- **What is being asked**:
The records below are to be restated word for word, with their images omitted.

------------------------------------------------------------

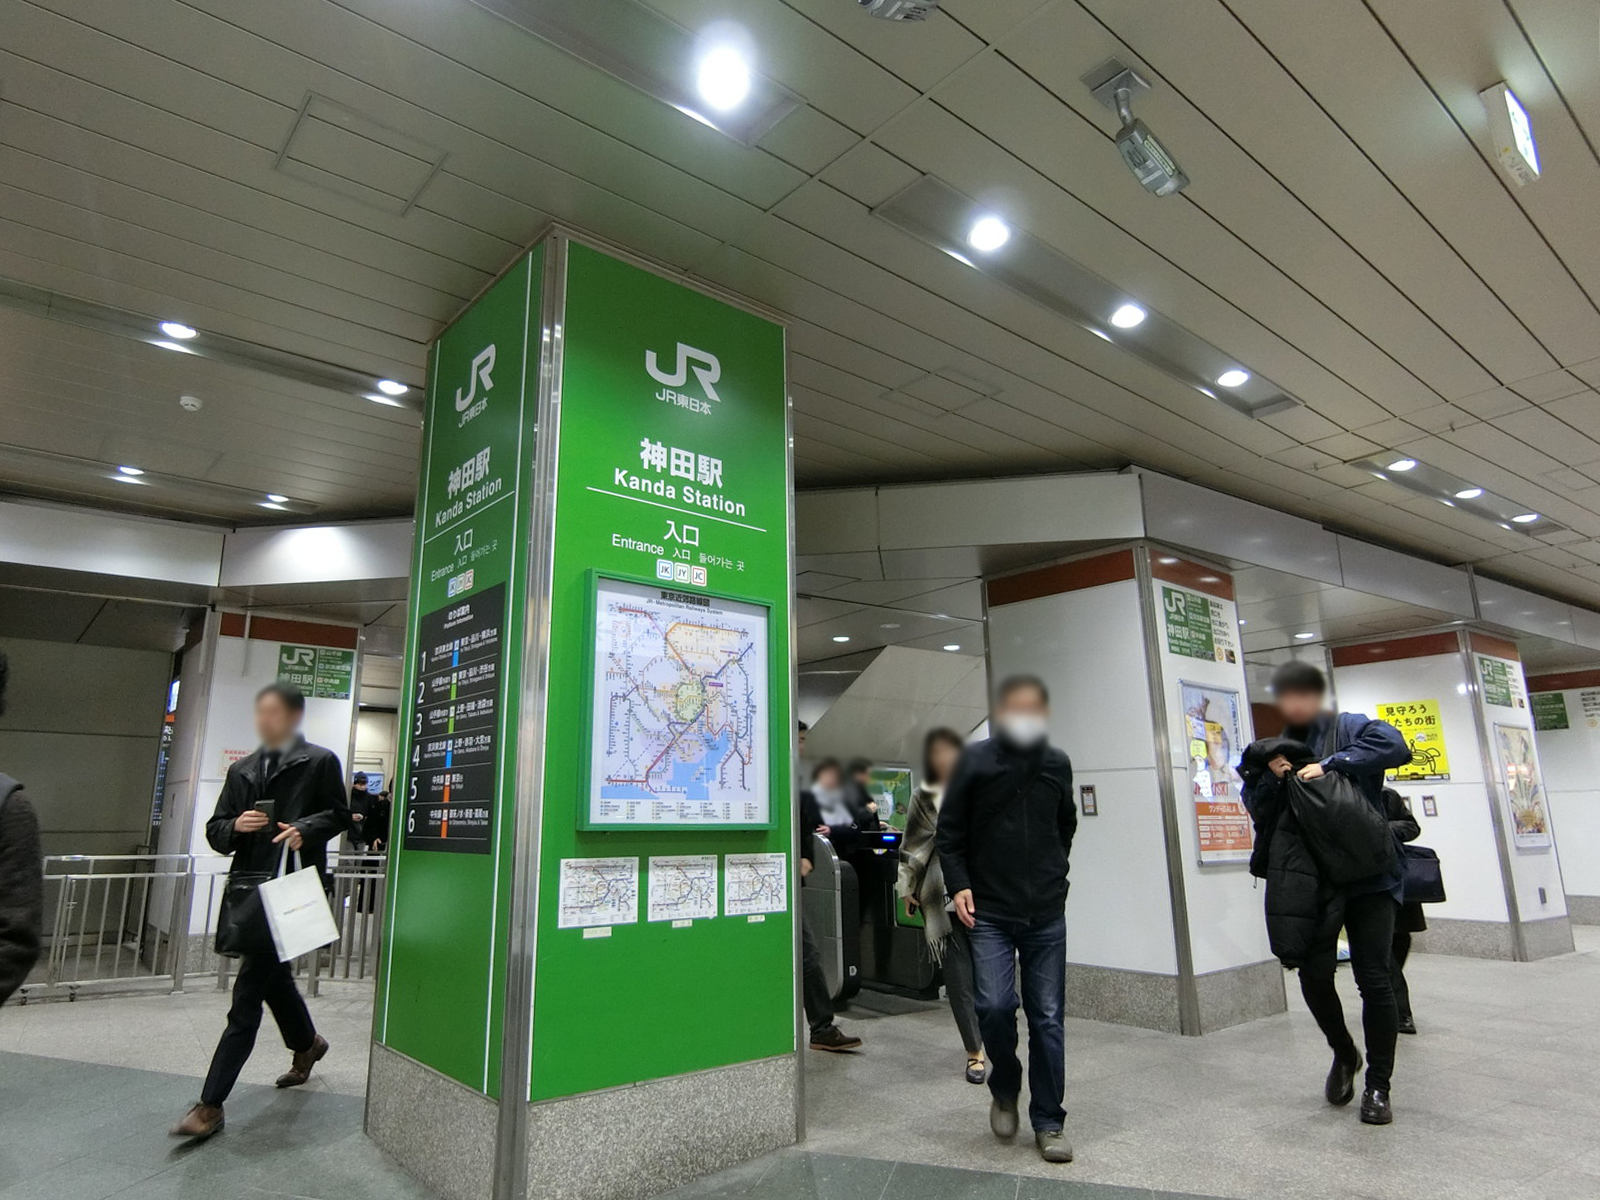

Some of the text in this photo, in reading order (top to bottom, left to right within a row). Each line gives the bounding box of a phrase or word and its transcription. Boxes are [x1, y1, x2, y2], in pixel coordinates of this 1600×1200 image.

[455, 343, 497, 412] JR
[645, 341, 722, 402] JR
[655, 388, 712, 415] JR東日本
[447, 446, 491, 500] 神田駅
[640, 437, 723, 489] 神田駅
[435, 477, 502, 528] Kanda Station
[614, 468, 746, 517] Kanda Station
[454, 528, 473, 556] 入口
[663, 520, 699, 547] 入口
[612, 534, 665, 556] Entrance
[672, 547, 691, 560] 入口
[699, 552, 734, 571] 들어가는
[431, 563, 454, 583] Entrance
[661, 565, 703, 581] JK JY JC
[1164, 591, 1187, 616] JR
[1167, 623, 1190, 640] 神田駅
[281, 648, 315, 666] JR
[421, 651, 427, 672] 1
[417, 682, 425, 704] 2
[1385, 704, 1428, 717] 見守ろう
[415, 713, 423, 736] 3
[412, 744, 420, 767] 4
[410, 777, 418, 800] 5
[408, 809, 415, 833] 6
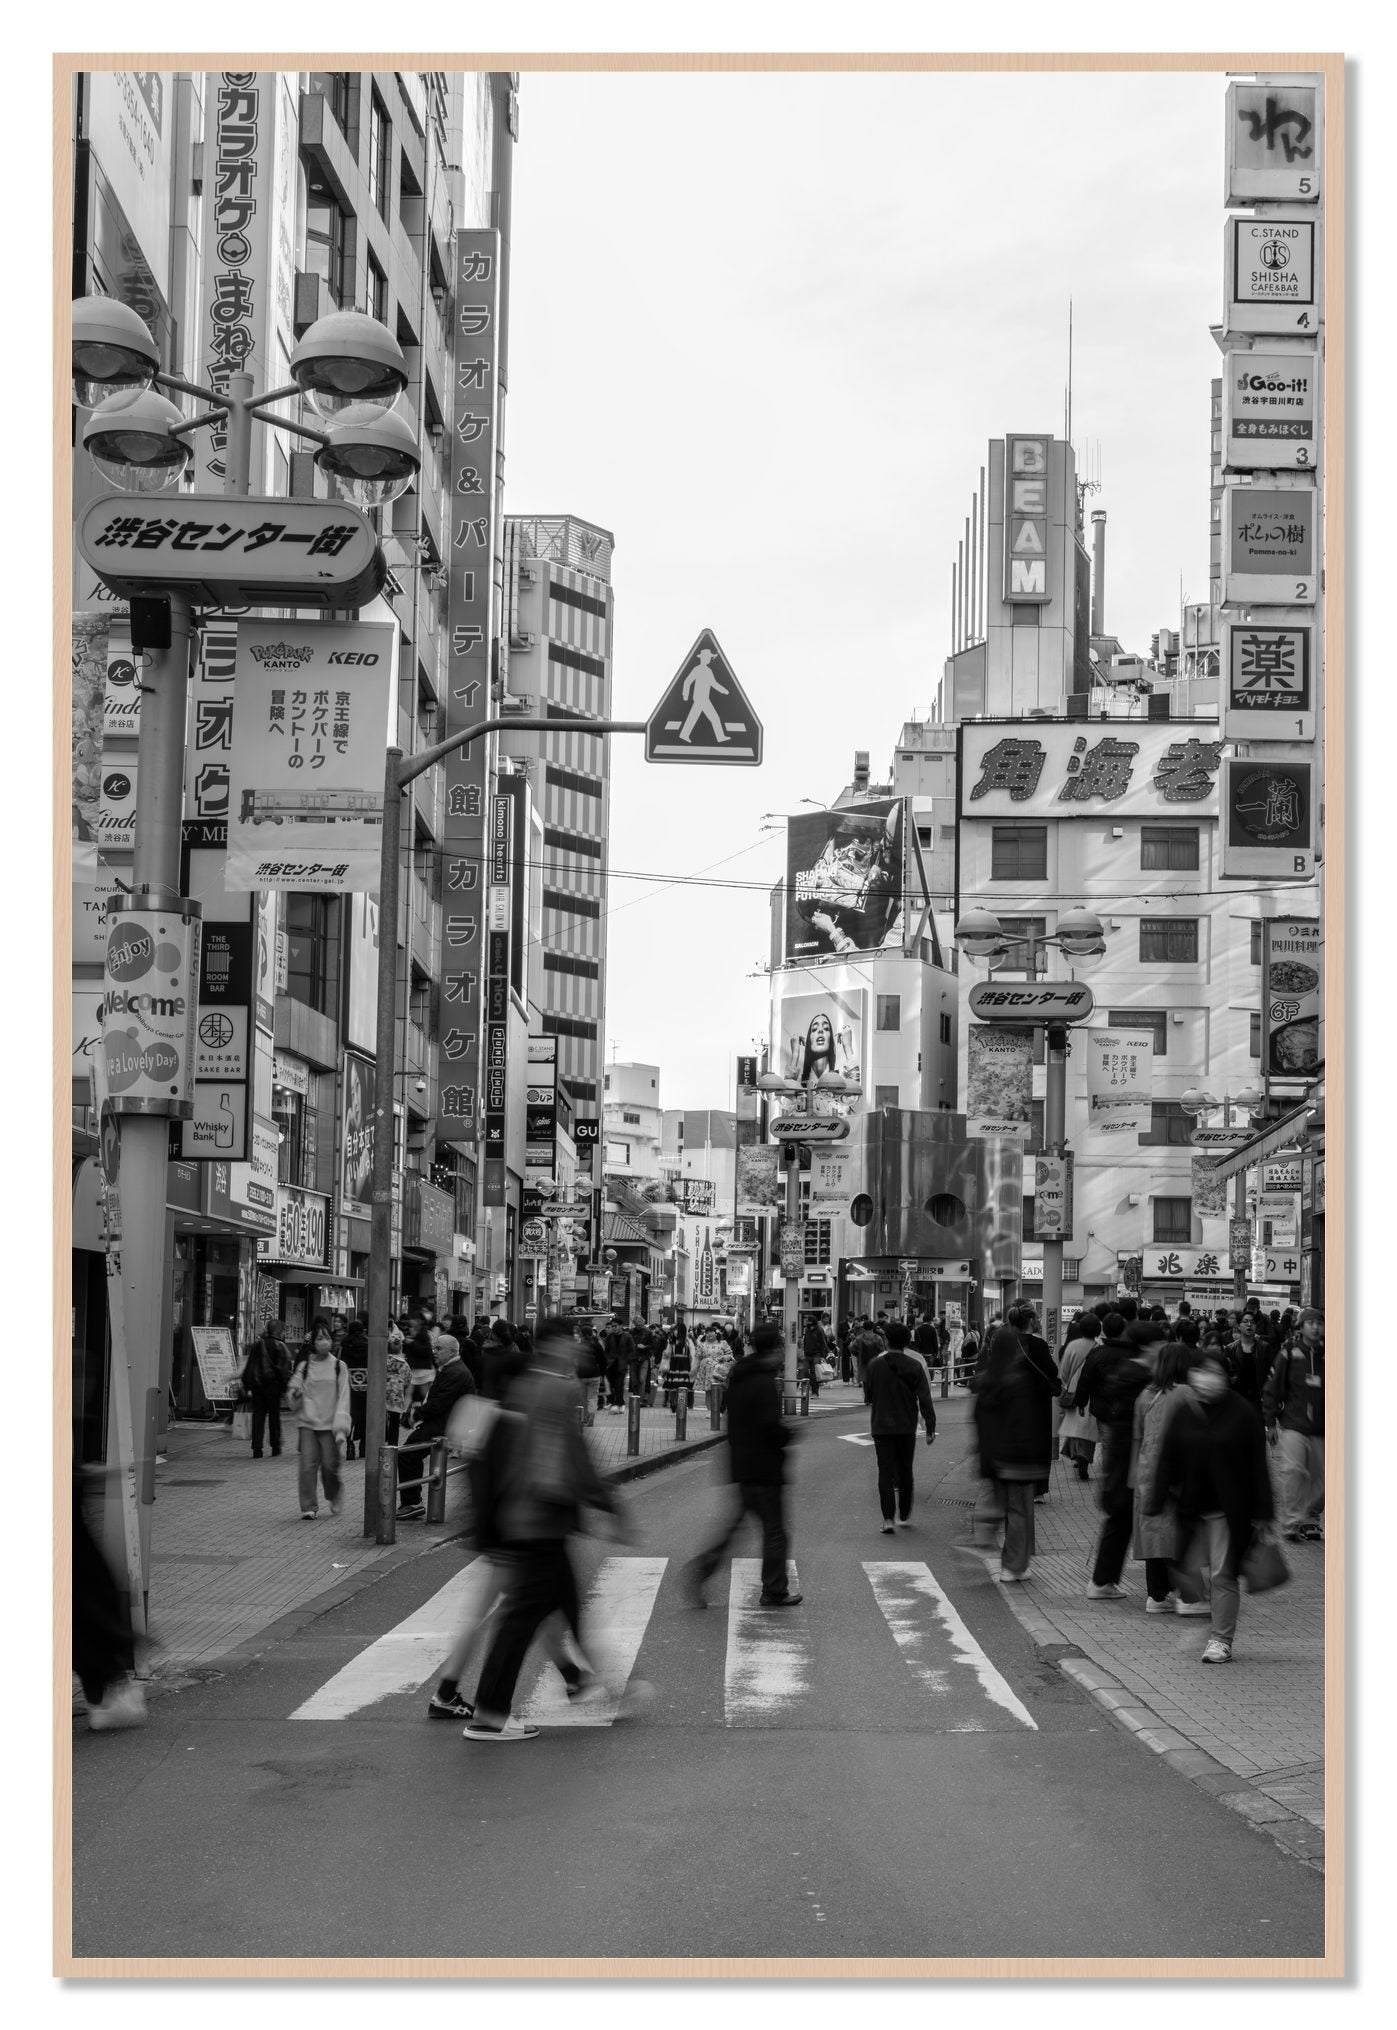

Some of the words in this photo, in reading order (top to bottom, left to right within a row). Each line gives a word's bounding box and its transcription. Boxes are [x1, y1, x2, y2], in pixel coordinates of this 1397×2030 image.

[214, 87, 260, 234] カラオケ
[1298, 177, 1312, 194] 5
[1251, 228, 1299, 239] C.STAND
[1251, 271, 1299, 283] SHISHA
[1251, 283, 1299, 292] CAFE&BAR
[1296, 312, 1310, 329] 4
[1249, 375, 1308, 393] Goo-it!
[1242, 396, 1304, 406] 渋谷宇田川町店
[1236, 423, 1309, 435] 全身もみほぐし
[1295, 447, 1309, 464] 3
[1012, 440, 1047, 594] BEAM
[94, 516, 360, 557] 渋谷センター街
[1295, 583, 1308, 599] 2
[327, 652, 379, 666] KEIO
[1241, 634, 1295, 688] 薬
[1234, 691, 1300, 707] マツモトキヨシ
[269, 690, 286, 736] 冒険へ
[108, 719, 135, 729] 渋谷店
[288, 690, 307, 769] カントーの
[310, 690, 329, 769] ポケパーク
[332, 690, 351, 754] 京王線で
[1294, 719, 1304, 736] 1
[969, 736, 1225, 801] 角海老
[1235, 778, 1300, 830] 一蘭
[495, 800, 504, 838] kimono
[104, 832, 131, 843] 渋谷店
[254, 862, 350, 877] 渋谷センター街
[495, 843, 504, 880] hearts
[1294, 856, 1306, 872] B
[495, 888, 504, 902] HAIR
[495, 904, 504, 922] SALON
[207, 943, 230, 951] THIRD
[1271, 940, 1319, 953] 四川料理
[108, 937, 152, 974] Enjoy
[206, 973, 229, 981] ROOM
[210, 984, 225, 993] BAR
[441, 859, 479, 1118] カラオケ館
[104, 989, 186, 1018] Welcome
[976, 992, 1086, 1006] 渋谷センター街
[1270, 1001, 1300, 1022] 6F
[135, 1012, 155, 1033] Shibuya
[123, 1052, 155, 1073] Lovely
[156, 1053, 178, 1069] Day!
[193, 1121, 229, 1134] Whisky
[576, 1126, 598, 1137] GU
[774, 1122, 841, 1132] 渋谷センター街
[193, 1132, 214, 1141] Bank
[1157, 1251, 1221, 1275] 兆楽
[702, 1251, 712, 1295] BEER

------------------------------------------------------------

- **Exercise response**:
Some of the text in this photo, in reading order (top to bottom, left to right within a row). Each line gives the bounding box of a phrase or word and its transcription. Boxes are [x1, y1, x2, y2], in pixel coordinates of this 1600×1200 image.

[455, 343, 497, 412] JR
[645, 341, 722, 402] JR
[655, 388, 712, 415] JR東日本
[447, 446, 491, 500] 神田駅
[640, 437, 723, 489] 神田駅
[435, 477, 502, 528] Kanda Station
[614, 468, 746, 517] Kanda Station
[454, 528, 473, 556] 入口
[663, 520, 699, 547] 入口
[612, 534, 665, 556] Entrance
[672, 547, 691, 560] 入口
[699, 552, 734, 571] 들어가는
[431, 563, 454, 583] Entrance
[661, 565, 703, 581] JK JY JC
[1164, 591, 1187, 616] JR
[1167, 623, 1190, 640] 神田駅
[281, 648, 315, 666] JR
[421, 651, 427, 672] 1
[417, 682, 425, 704] 2
[1385, 704, 1428, 717] 見守ろう
[415, 713, 423, 736] 3
[412, 744, 420, 767] 4
[410, 777, 418, 800] 5
[408, 809, 415, 833] 6

Some of the words in this photo, in reading order (top to bottom, left to right within a row). Each line gives a word's bounding box and its transcription. Boxes are [x1, y1, x2, y2], in pixel coordinates of this 1397×2030 image.

[214, 87, 260, 234] カラオケ
[1298, 177, 1312, 194] 5
[1251, 228, 1299, 239] C.STAND
[1251, 271, 1299, 283] SHISHA
[1251, 283, 1299, 292] CAFE&BAR
[1296, 312, 1310, 329] 4
[1249, 375, 1308, 393] Goo-it!
[1242, 396, 1304, 406] 渋谷宇田川町店
[1236, 423, 1309, 435] 全身もみほぐし
[1295, 447, 1309, 464] 3
[1012, 440, 1047, 594] BEAM
[94, 516, 360, 557] 渋谷センター街
[1295, 583, 1308, 599] 2
[327, 652, 379, 666] KEIO
[1241, 634, 1295, 688] 薬
[1234, 691, 1300, 707] マツモトキヨシ
[269, 690, 286, 736] 冒険へ
[108, 719, 135, 729] 渋谷店
[288, 690, 307, 769] カントーの
[310, 690, 329, 769] ポケパーク
[332, 690, 351, 754] 京王線で
[1294, 719, 1304, 736] 1
[969, 736, 1225, 801] 角海老
[1235, 778, 1300, 830] 一蘭
[495, 800, 504, 838] kimono
[104, 832, 131, 843] 渋谷店
[254, 862, 350, 877] 渋谷センター街
[495, 843, 504, 880] hearts
[1294, 856, 1306, 872] B
[495, 888, 504, 902] HAIR
[495, 904, 504, 922] SALON
[207, 943, 230, 951] THIRD
[1271, 940, 1319, 953] 四川料理
[108, 937, 152, 974] Enjoy
[206, 973, 229, 981] ROOM
[210, 984, 225, 993] BAR
[441, 859, 479, 1118] カラオケ館
[104, 989, 186, 1018] Welcome
[976, 992, 1086, 1006] 渋谷センター街
[1270, 1001, 1300, 1022] 6F
[135, 1012, 155, 1033] Shibuya
[123, 1052, 155, 1073] Lovely
[156, 1053, 178, 1069] Day!
[193, 1121, 229, 1134] Whisky
[576, 1126, 598, 1137] GU
[774, 1122, 841, 1132] 渋谷センター街
[193, 1132, 214, 1141] Bank
[1157, 1251, 1221, 1275] 兆楽
[702, 1251, 712, 1295] BEER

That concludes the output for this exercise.